Neural Doodles: Workflow Prototype for the Next Generation of Artist https://t.co/HjDTa8uxRn A future of #AI & #Art? pic.twitter.com/oUjLj7IZEM
— Alex J. Champandard 🌻 (@alexjc) March 9, 2016
DeepDream e altri programmi ispirati ad esso però non sono gli unici sistemi con cui si è provato a usare le AI nel campo dell’arte. Ad esempio, l’artista americano Ian Cheng – che tra le altre cose ha studiato scienze cognitive e ha collaborato con Industrial Light & Magic, l’azienda di effetti speciali digitali di George Lucas, e ha esposto alcune sue opere sia al Moma di New York che alla Fondazione Sandretto Re Rebuadengo di Torino – realizza “simulazioni live” in cui attraverso lo schermo di un tablet si può interagire con delle creature inventate (ad esempio un cane di razza Shiba, nell’opera Emissary Forks For You) regolate da un sistema di AI. Le opere di Cheng cercano di mostrare al pubblico i limiti e le possibilità delle AI e le rendono in forma di animali per rendere più chiare le loro caratteristiche.
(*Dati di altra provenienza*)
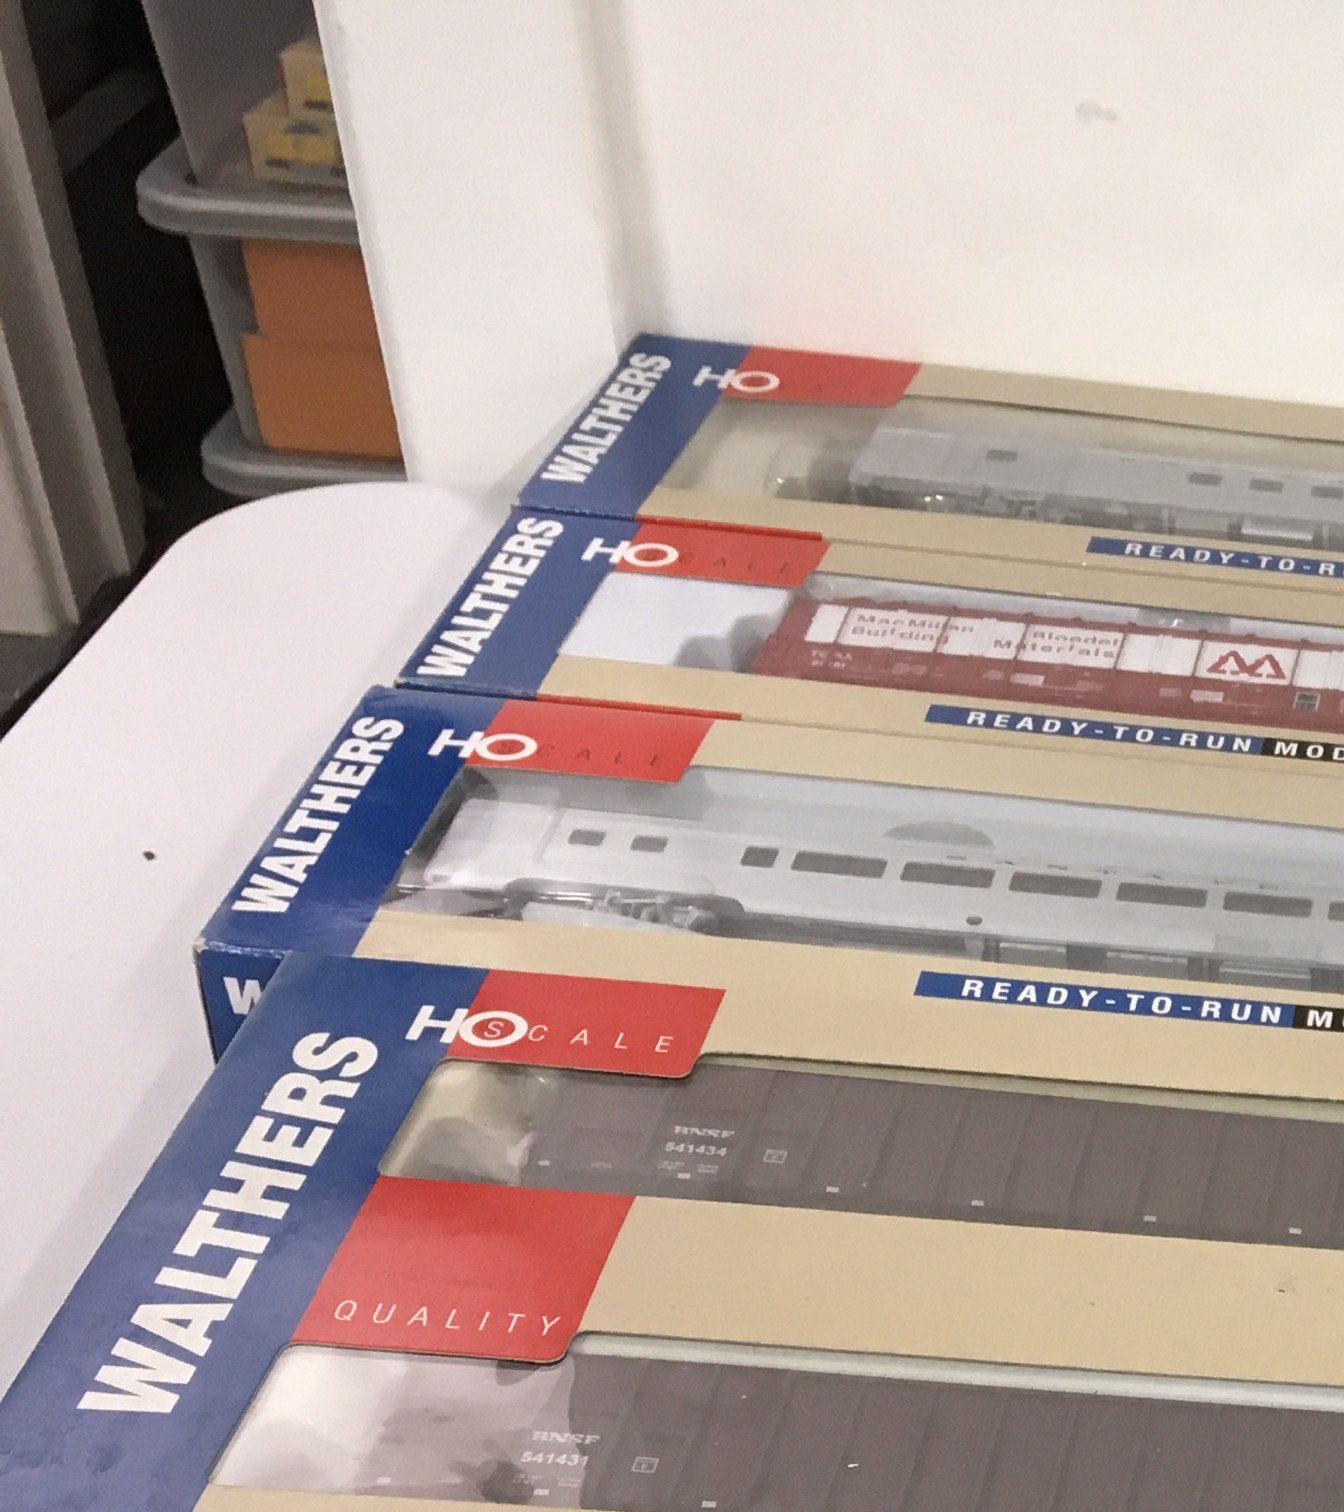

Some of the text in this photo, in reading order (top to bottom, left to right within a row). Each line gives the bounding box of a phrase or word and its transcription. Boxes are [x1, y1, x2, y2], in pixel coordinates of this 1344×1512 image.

[693, 364, 780, 394] HO
[541, 353, 671, 486] WALTHERS
[580, 537, 679, 569] HO
[416, 516, 565, 677] WALTHERS
[427, 730, 539, 763] HO
[965, 710, 1253, 753] READY-TO-RUN
[231, 714, 406, 914] WALTHERS
[960, 978, 1284, 1026] READY-TO-RUN
[404, 1004, 528, 1047] HO
[482, 1017, 675, 1054] SCALE
[662, 1141, 729, 1158] 541434
[672, 1124, 736, 1140] BNSF
[76, 1031, 381, 1415] WALTHERS
[331, 1298, 564, 1339] QUALITY
[529, 1430, 601, 1446] BNSF
[518, 1450, 591, 1468] 541431
Una interazione con Emissary Forks For You di Ian Cheng, una delle opere esposte al Moma nella mostra Emissaries fino al 25 settembre
Un altro progetto nel campo dell’arte e dell’AI è Recognition, realizzato dal centro di ricerca sulla comunicazione italiano Fabrica per la galleria d’arte di Londra Tate. Dal 2 settembre al 27 novembre 2016 all’interno del museo era possibile osservare sullo schermo come un sistema di AI trovasse associazioni visive tra fotografie dell’agenzia di stampa Reuters e immagini artistiche facenti parte dell’archivio della Tate. Il progetto ha vinto l’IK Prize 2016 per l’innovazione digitale, assegnato dalla stessa galleria d’arte.
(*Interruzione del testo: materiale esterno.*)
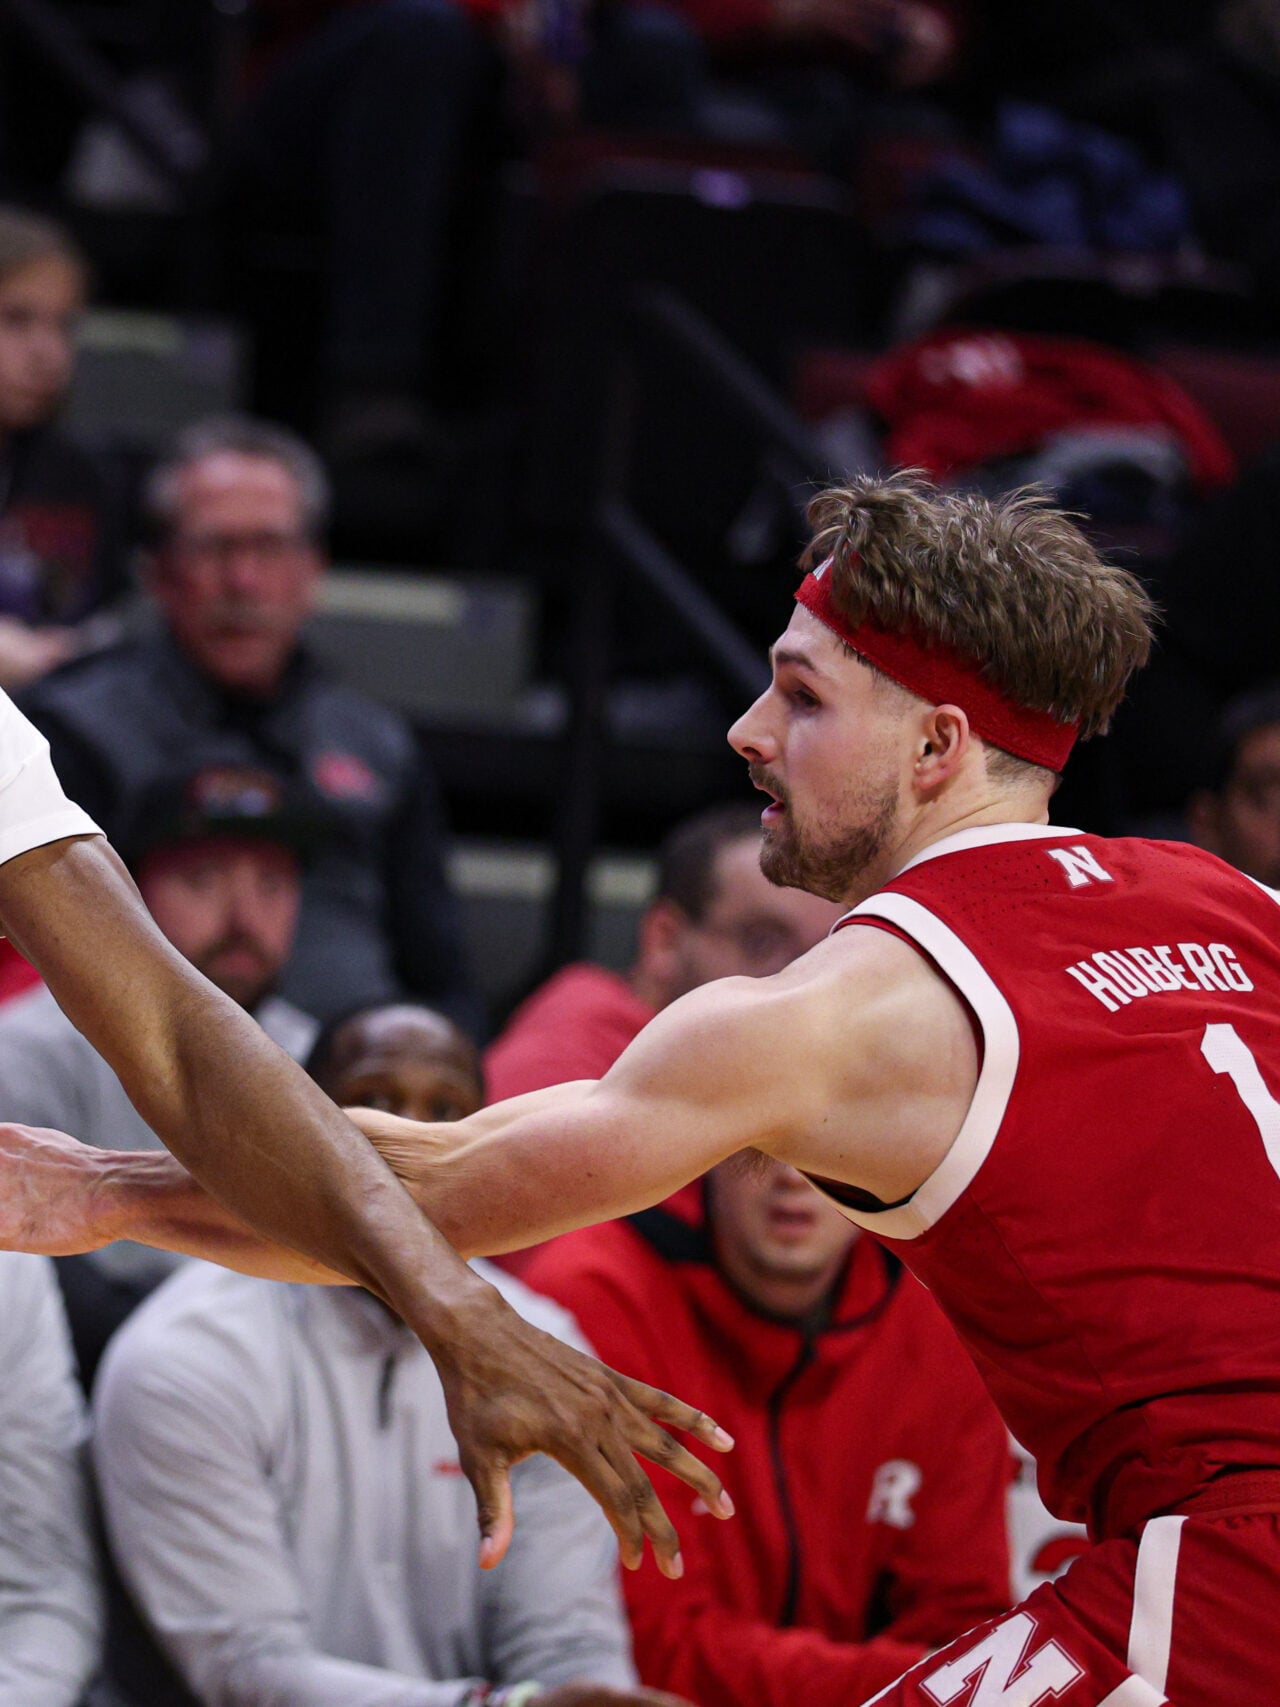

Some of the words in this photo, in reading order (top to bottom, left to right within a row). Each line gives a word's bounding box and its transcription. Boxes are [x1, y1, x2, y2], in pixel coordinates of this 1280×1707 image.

[1047, 845, 1115, 889] N
[1065, 943, 1255, 1013] HOIBERG
[1200, 1023, 1280, 1181] 1
[867, 1459, 922, 1530] R
[919, 1610, 1085, 1707] N
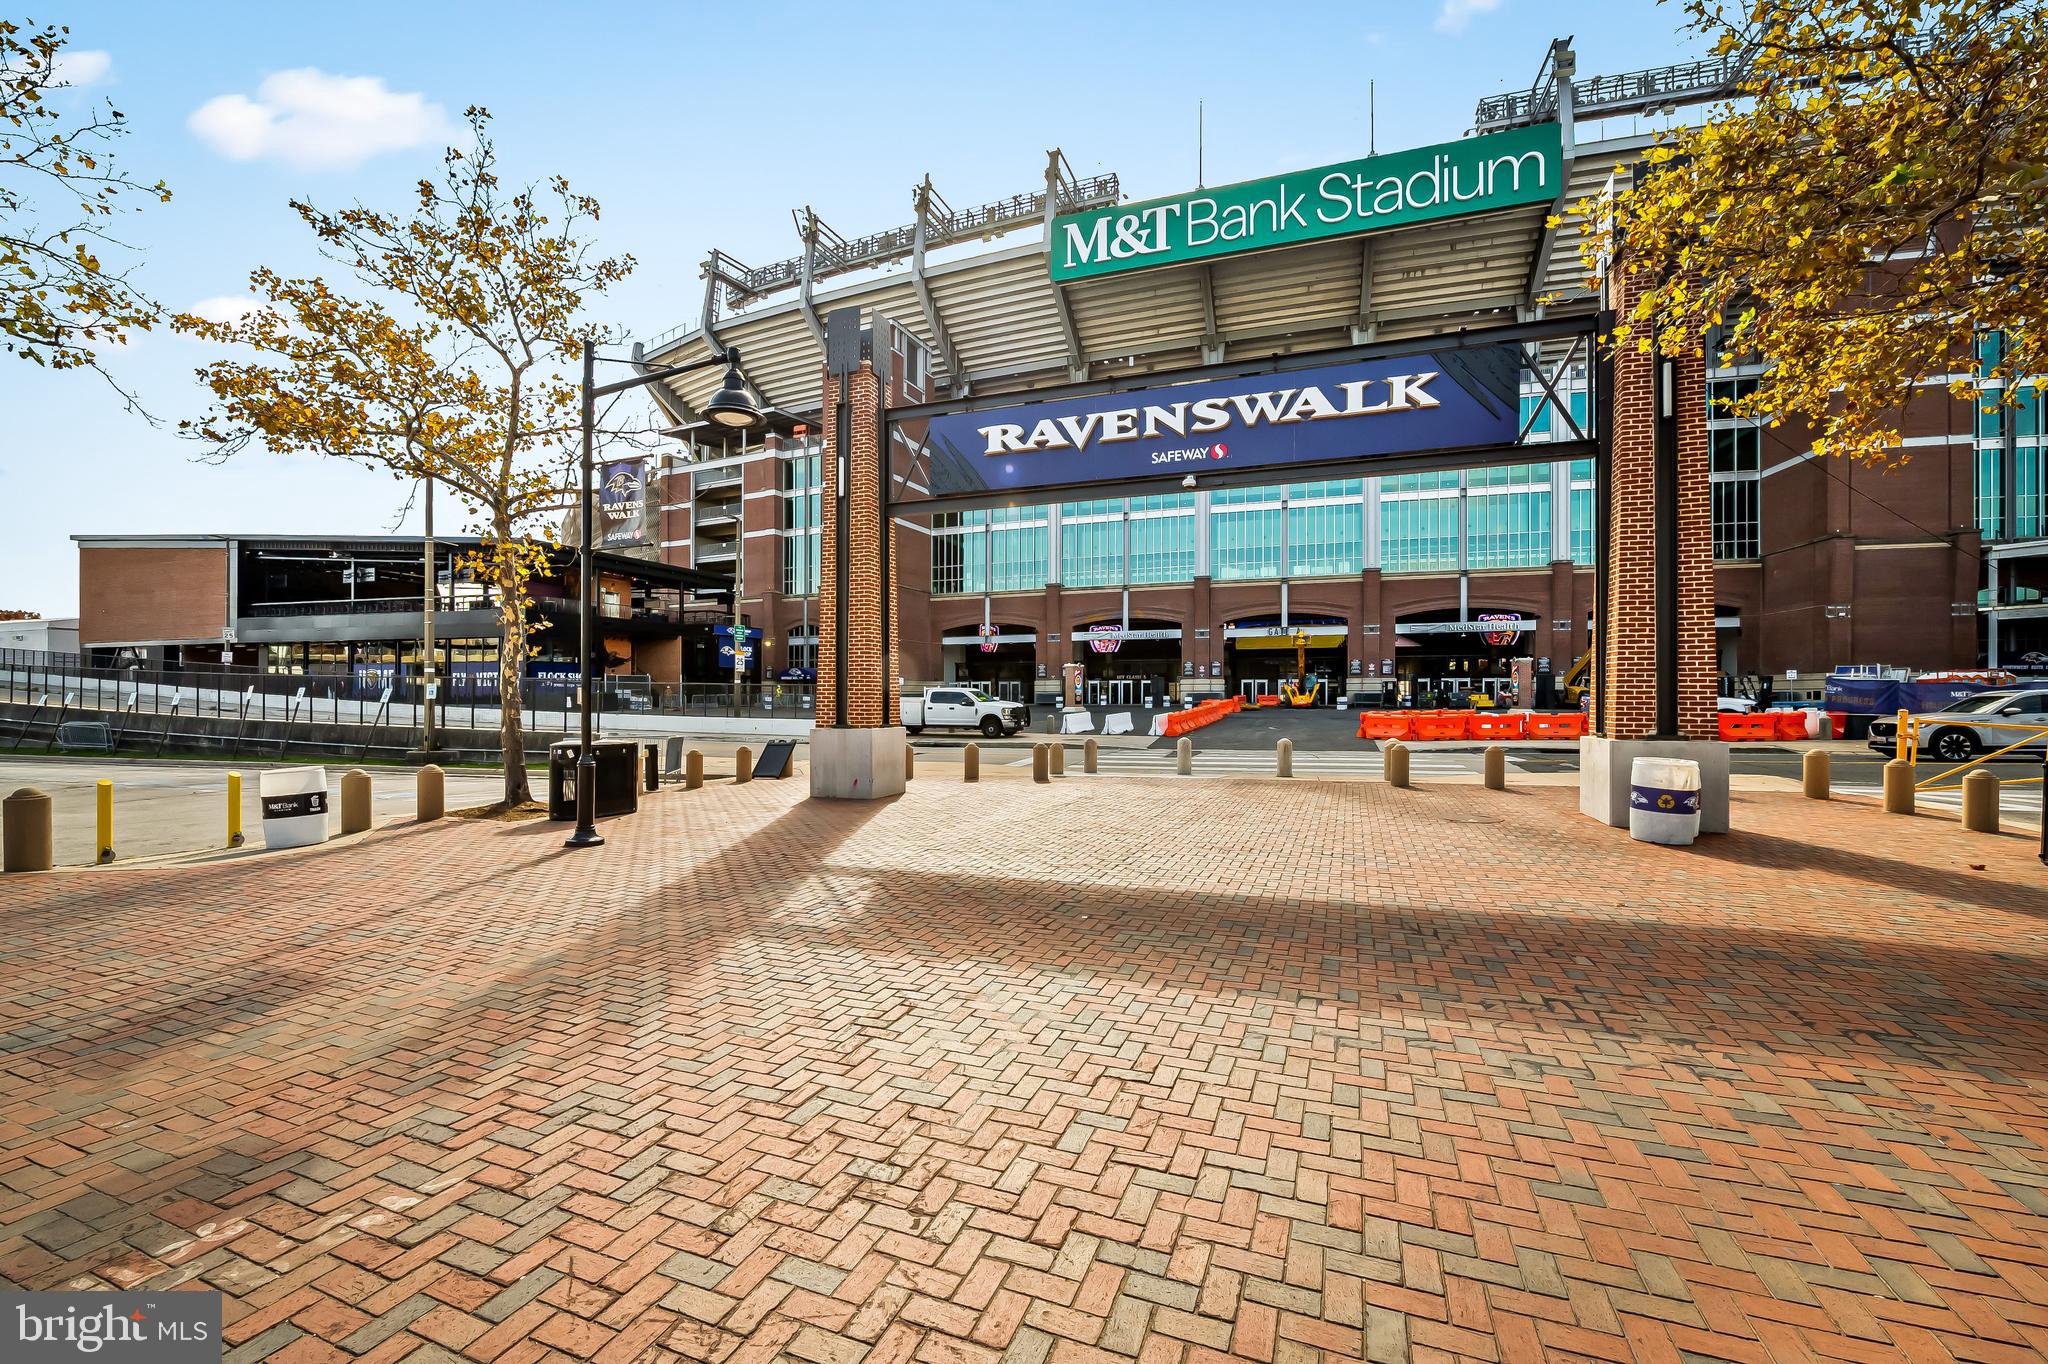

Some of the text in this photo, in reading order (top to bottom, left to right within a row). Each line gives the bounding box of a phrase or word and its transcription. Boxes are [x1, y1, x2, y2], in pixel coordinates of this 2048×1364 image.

[1062, 149, 1547, 268] M&T Bank Stadium
[977, 371, 1441, 457] RAVENSWALK
[1151, 446, 1210, 465] SAFEWAY
[602, 500, 644, 512] RAVENS
[607, 509, 640, 520] WALK
[607, 531, 634, 541] SAFEWAY
[1448, 622, 1521, 633] MedStar Health
[736, 657, 744, 666] 25
[537, 671, 566, 681] FLOCK
[282, 801, 299, 809] Bank
Anche nel campo degli studi sulla storia dell’arte si usano forme di AI. Ad esempio, alla Rutgers University del New Jersey, negli Stati Uniti, esiste un Art and Artificial Intelligence Laboratory che si occupa di fare ricerche in questo ambito. Uno dei loro progetti consiste in un sistema di AI che misura la creatività di singole opere d’arte o di correnti artistiche guardando quanto abbiano influenzato altri artisti e si distinguano da altre opere d’arte o correnti. Esistono poi alcuni corsi universitari – pensati per chi ha già una laurea e vuole ulteriormente specializzarsi – dedicati alle intersezioni tra arte e tecnologia basata sulle AI. Ad esempio, l’Università di Londra offre un corso intitolato Machine learning and art (dedicato soprattutto alle sperimentazioni in campo musicale) e anche alla Tisch School of the Arts della New York University esiste un corso simile.